Summary: The market narrative is overwhelmingly positive for a reflationary rebound and for a weaker US dollar in 2021, an outlook we are largely sympathetic to, but plenty can still go wrong, and the speculative fervor of the momentum is the most clear and present danger for a correction sooner rather than later. Elsewhere, the Brexit deal was the dampest of squibs for sterling.
FX Trading focus:
Markets are positioned for very aggressive assumptions about 2021 The US dollar is near its cycle lows as 2021 comes into view, driven by the anticipation that a reflationary recovery in 2021 is in the offing, with a Fed intent on keeping the pedal to the metal with a blind eye to inflation as long as unemployment hasn’t normalized to pre-Covid-19 levels and pent-up savings ready to be unleashed on travel and entertainment once we begin rounding the corner on the vaccine roll-out by the second half of next year. It all sounds great and hopefully this is the way it will pan out, but the market feels extremely aggressive here in stating its case – too aggressive, in fact.
I recently outlined a pre-FOMC list of the “last few hurdles” for USD bears that included concerns about the status of stimulus talks in US Congress and the FOMC meeting itself. The latter, of course, provided no real hurdle, while the news yesterday that Trump has finally caved on his hold-out for larger stimulus checks clears away another obstacle for USD bear.
The last major risk I outlined is one that remains unresolved; namely long US yields and whether these are poised for a breakout that could support the USD fundamentally to a degree, but more importantly could trigger a consolidation in global risk sentiment.

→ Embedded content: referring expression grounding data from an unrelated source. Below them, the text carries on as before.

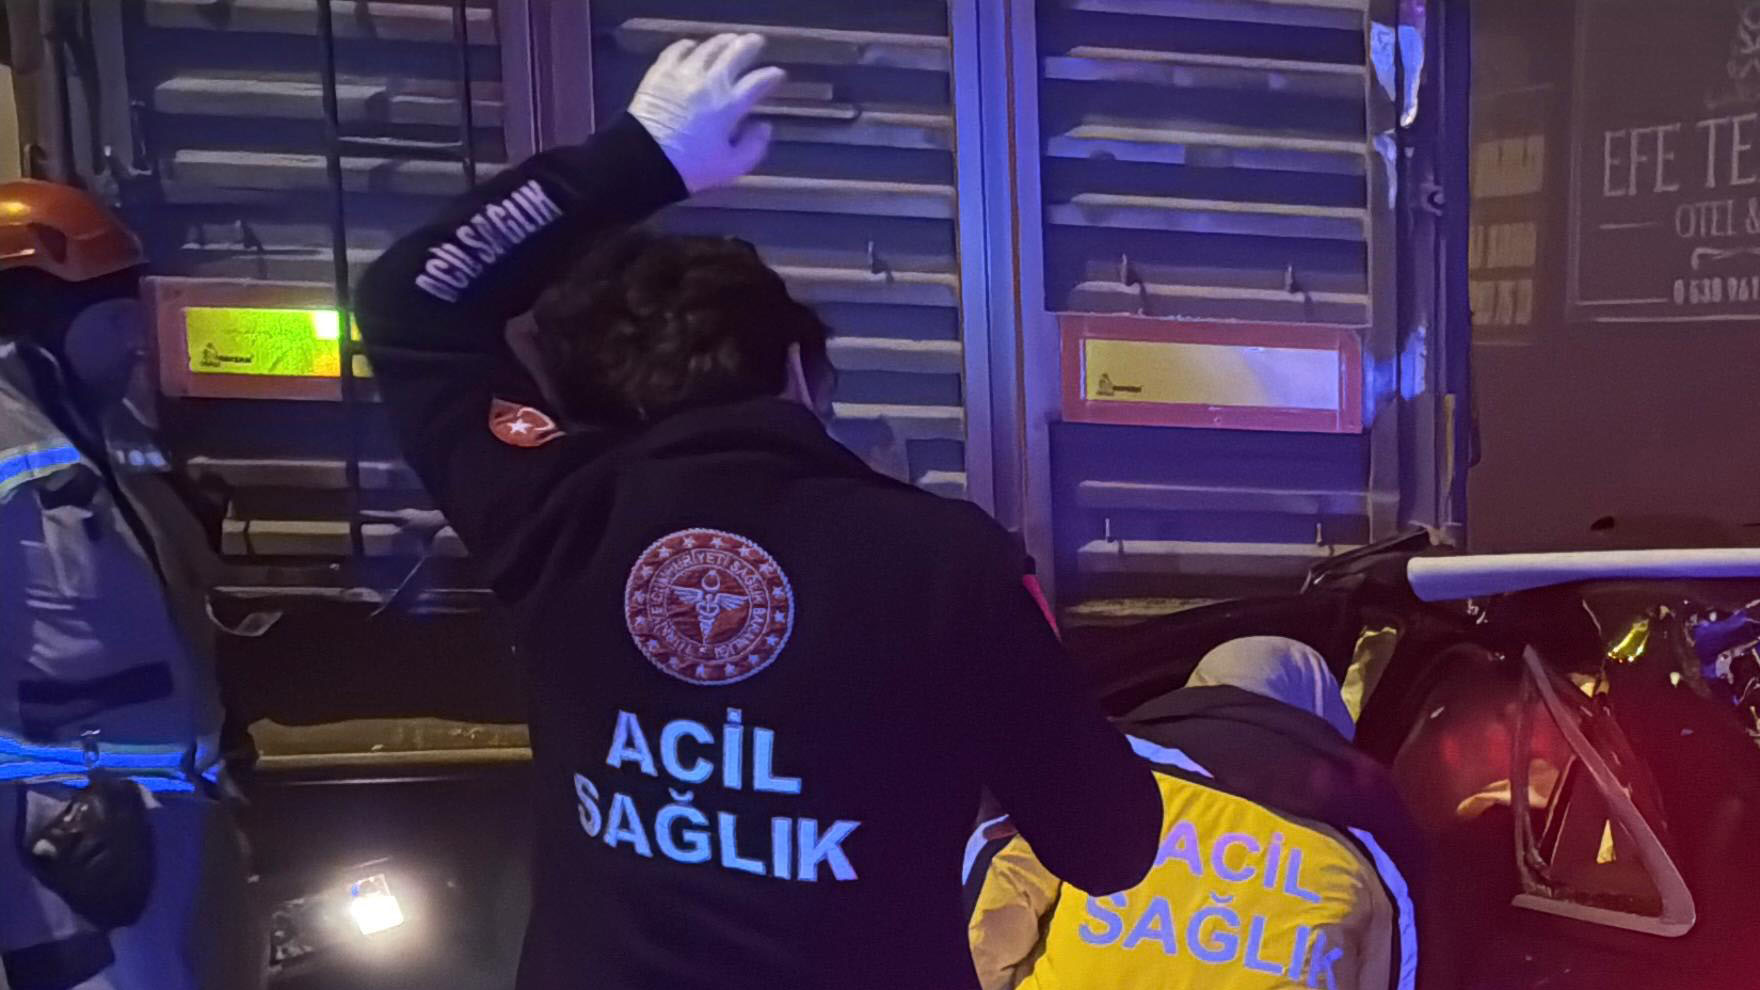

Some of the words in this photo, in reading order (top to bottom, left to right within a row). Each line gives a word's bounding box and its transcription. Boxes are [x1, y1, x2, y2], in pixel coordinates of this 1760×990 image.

[1602, 122, 1682, 197] EFE
[1674, 199, 1737, 239] OTEL
[606, 707, 803, 795] ACİL
[574, 773, 862, 882] SAĞLIK
[1152, 819, 1323, 904] ACİL

This is clearest and most present danger for markets (and for USD bears) in the near term as we have simply reached a remarkable degree of speculative excess, with participants having extrapolated expectations too aggressively and having become too leverage up and one-sided in its positioning. A consolidation could even take the shape of a mini-crash.

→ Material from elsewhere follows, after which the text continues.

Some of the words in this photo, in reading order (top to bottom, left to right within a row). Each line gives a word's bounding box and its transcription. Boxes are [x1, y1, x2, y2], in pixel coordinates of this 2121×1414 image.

If this is indeed what unfolds, the Fed and other central banks will have only themselves to blame, having so thoroughly conditioned the market that the central bank put strike price simply gets set higher and higher, encouraging the aggressive risk taking that can make the market so fragile and crash prone and then in need of the next round of policy response. It’s an unhealthy and destructive cycle and needs to end before the policy response required is larger than what they can deliver.

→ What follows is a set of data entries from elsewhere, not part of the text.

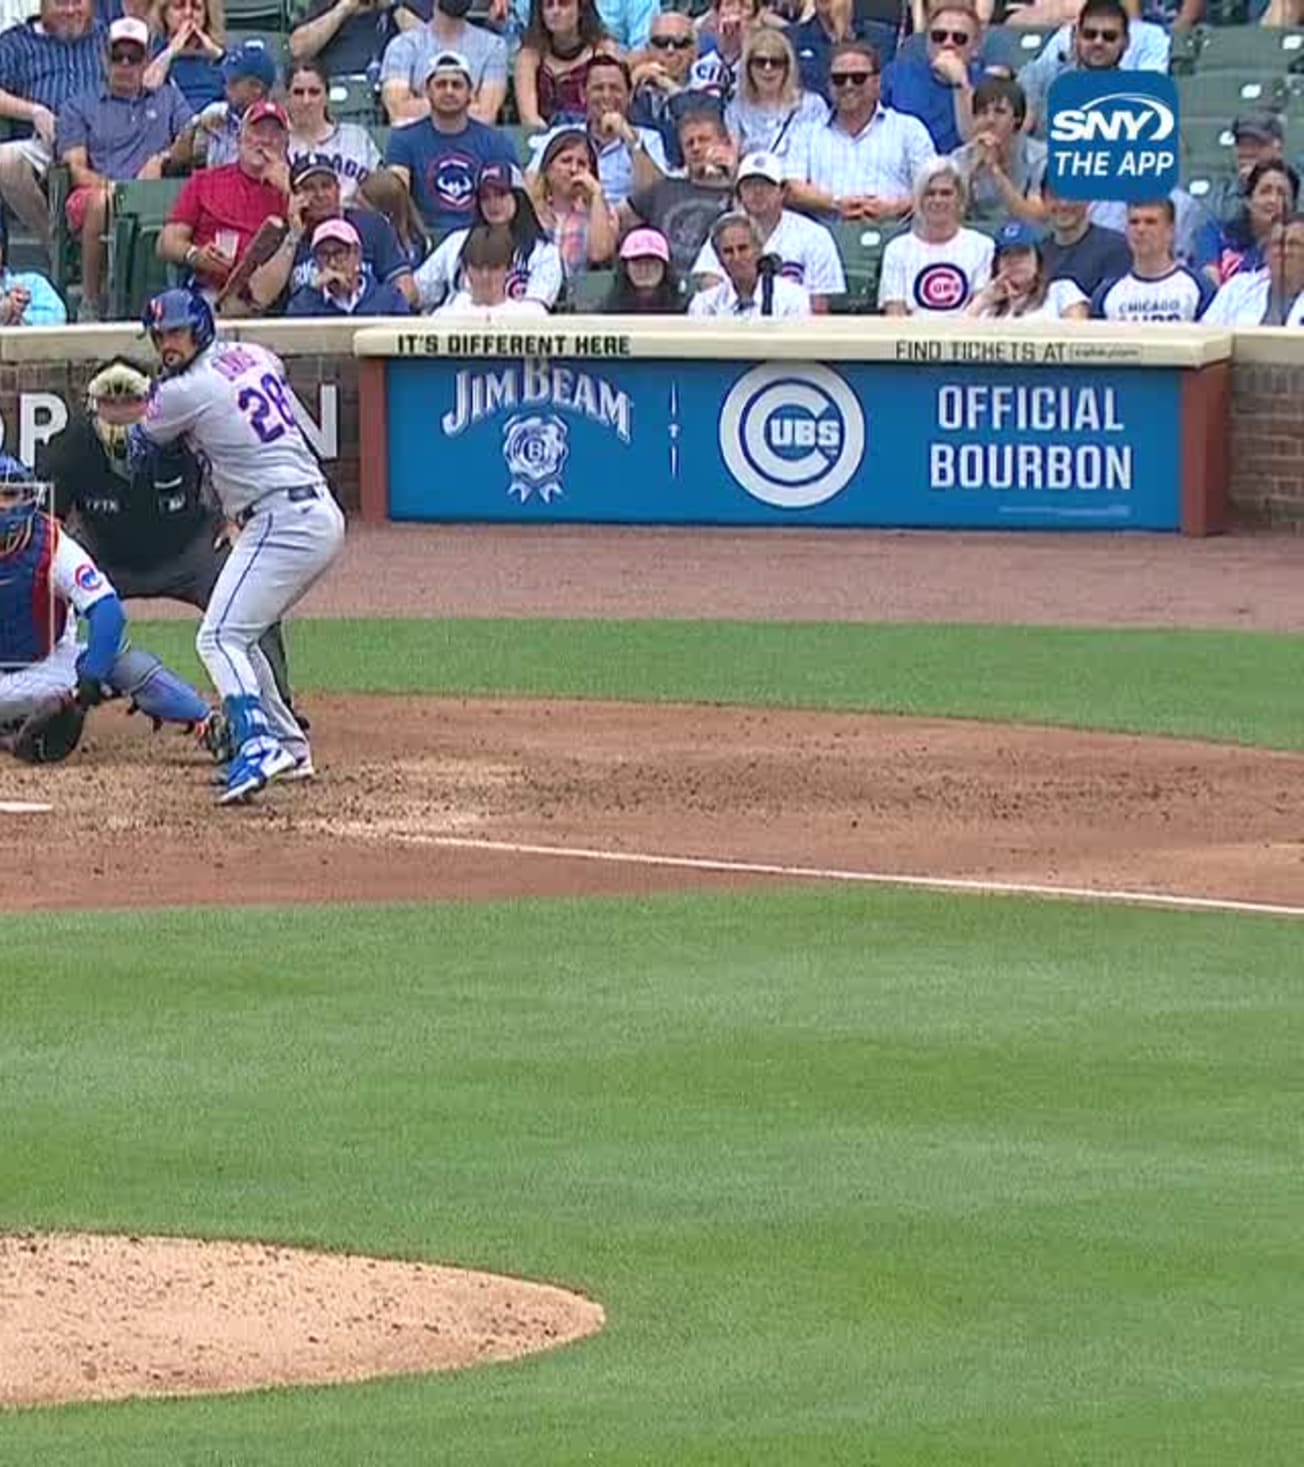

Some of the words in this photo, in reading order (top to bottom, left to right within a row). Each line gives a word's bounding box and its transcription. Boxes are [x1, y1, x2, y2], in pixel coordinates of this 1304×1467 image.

[1118, 299, 1181, 314] CHICAGO
[398, 334, 439, 354] IT'S
[447, 334, 567, 355] DIFFERENT
[574, 335, 631, 355] HERE
[895, 340, 942, 361] FIND
[950, 341, 1037, 361] TICKETS
[1042, 342, 1067, 361] AT
[442, 369, 518, 437] JIM
[523, 356, 632, 444] BEAM
[938, 385, 1125, 430] OFFICIAL
[930, 443, 1132, 489] BOURBON
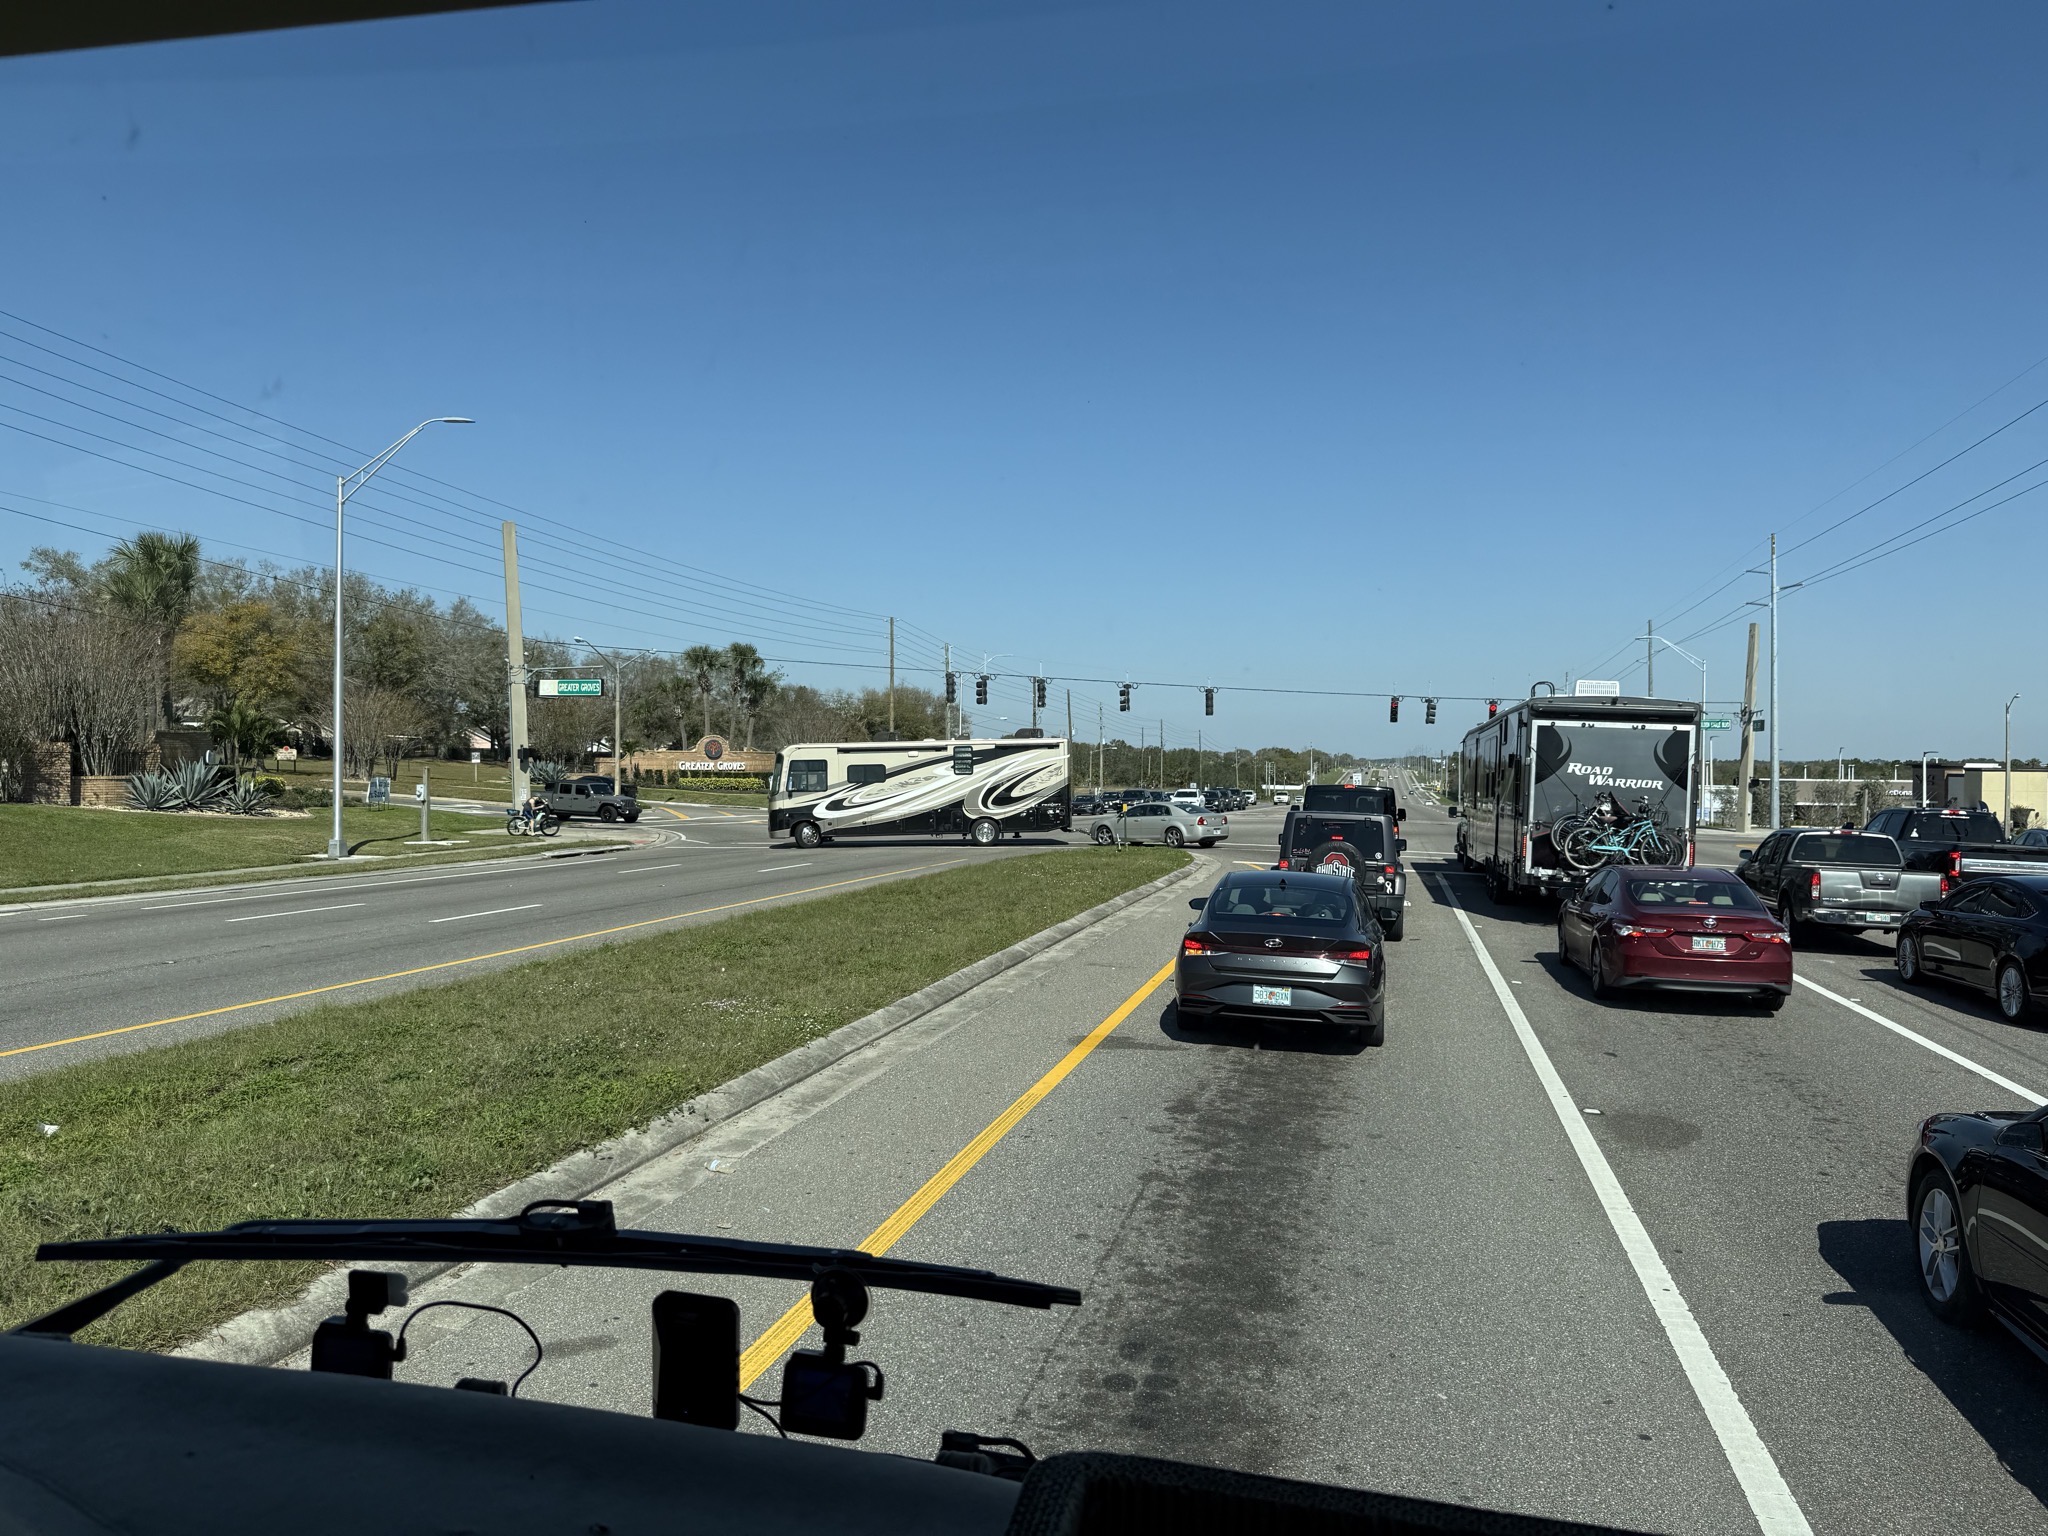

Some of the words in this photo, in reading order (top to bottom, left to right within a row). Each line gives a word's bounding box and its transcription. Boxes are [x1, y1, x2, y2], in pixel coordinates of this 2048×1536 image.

[558, 683, 579, 692] GREATER
[581, 683, 600, 692] GROVES
[679, 761, 714, 771] GREATER
[717, 761, 746, 771] GROVES
[1567, 762, 1613, 776] ROAD
[1589, 775, 1664, 790] WARRIOR

Brexit deal is “thin”, as are the shouts of joy from sterling bulls here A Brexit deal was finally struck just before Christmas that settled the most immediately disruptive issues linked to trade in physical goods, but as a number of good breakdowns of the remaining opening questions about the post-Brexit period remind us, the tougher aspects of the post-Brexit landscape may only reveal themselves slowly in the months and years to come, particularly the fall-out for the UK financial services industry, which was long the “crown jewel” of the UK economy that helped spark massive capital inflows to offset the UK’s huge external deficits in traded goods. The status of that industry and in general of capital inflows into the UK will be the dominant driver of sterling over the next few years and the currency and UK assets are very cheap. Sterling will only begin to look less cheap if a reflationary recovery brings vicious negative real rates to the UK that erode the currency’s fundamental value relative to its peers. Have a look at something like GBPNZD as a pair that looks a bit silly in the long run below the level of 2.00.
Chart: EURGBP weekly It was tempting to put up a GBPUSD chart rather than a EURGBP chart today, as the former has breached a very important chart level at 1.3500 again, but because almost all of that development is down to the weak US dollar of late, it is more important to measure the effects of the Brexit deal on sterling via EURGBP, where the price action is underwhelming, particularly given the collapse in short-term implied volatility in the options market on the clearing away of near term uncertainty. The lack of a reaction is a significant red light for sterling bulls and a reminder that longer term uncertainties remain for sterling, especially the fate of its very important financial services industry, where the outlook and the final shape of post-Brexit reality are uncertain. That said, sterling is still cheap in this pair and I would prefer to look toward 0.8500 rather than 0.9500 as an eventual direction in 2021, even if not ready to start in that direction right away.